Free-text object descriptions
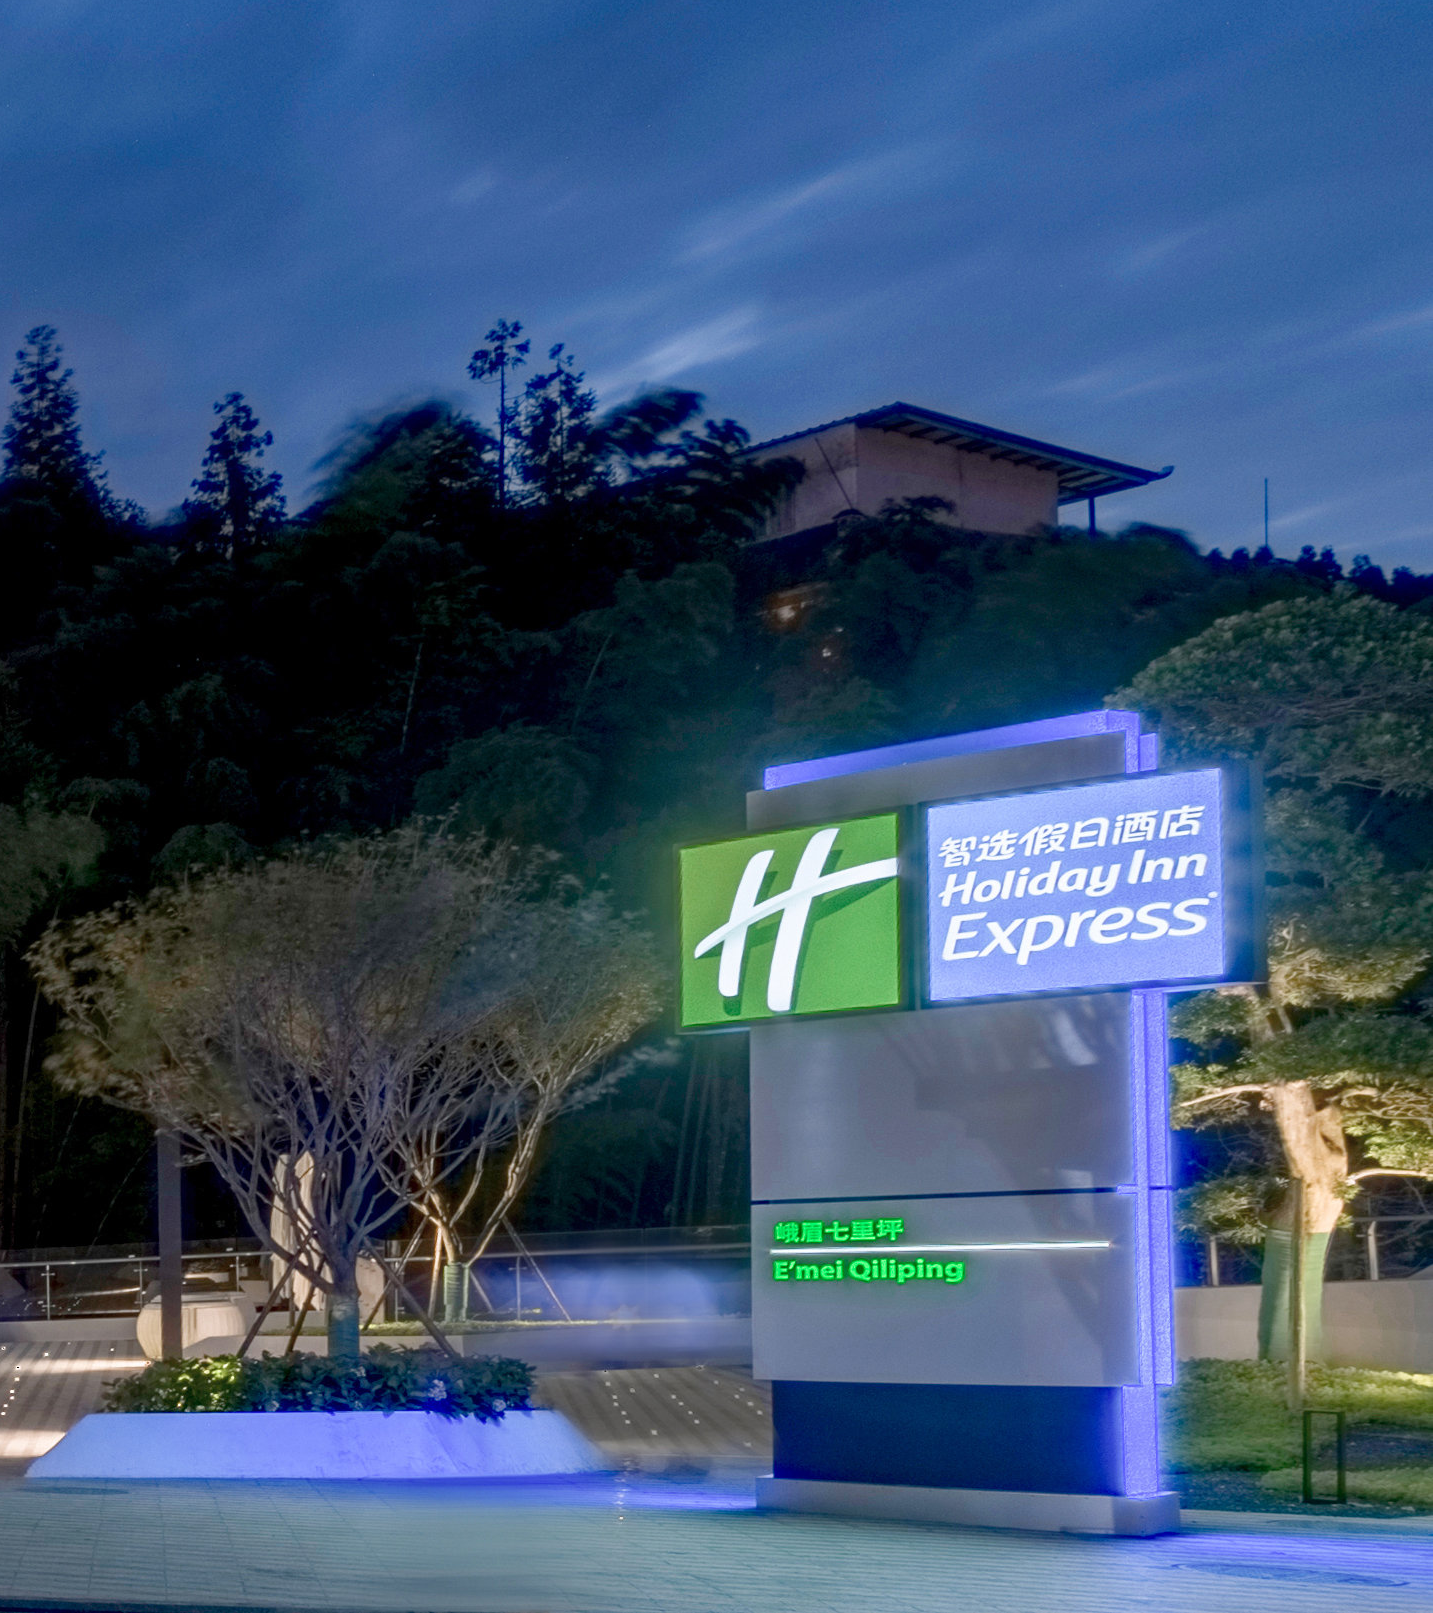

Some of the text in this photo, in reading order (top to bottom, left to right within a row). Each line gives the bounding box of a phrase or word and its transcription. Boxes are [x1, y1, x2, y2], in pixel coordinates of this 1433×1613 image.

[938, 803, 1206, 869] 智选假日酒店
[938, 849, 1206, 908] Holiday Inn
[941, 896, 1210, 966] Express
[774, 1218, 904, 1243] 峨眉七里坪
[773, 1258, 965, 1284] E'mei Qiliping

_Exercise_: Go through the data above and transcribe it in full, omitting any image.

_Expected answer_:
Some of the text in this photo, in reading order (top to bottom, left to right within a row). Each line gives the bounding box of a phrase or word and its transcription. Boxes are [x1, y1, x2, y2], in pixel coordinates of this 1433×1613 image.

[938, 803, 1206, 869] 智选假日酒店
[938, 849, 1206, 908] Holiday Inn
[941, 896, 1210, 966] Express
[774, 1218, 904, 1243] 峨眉七里坪
[773, 1258, 965, 1284] E'mei Qiliping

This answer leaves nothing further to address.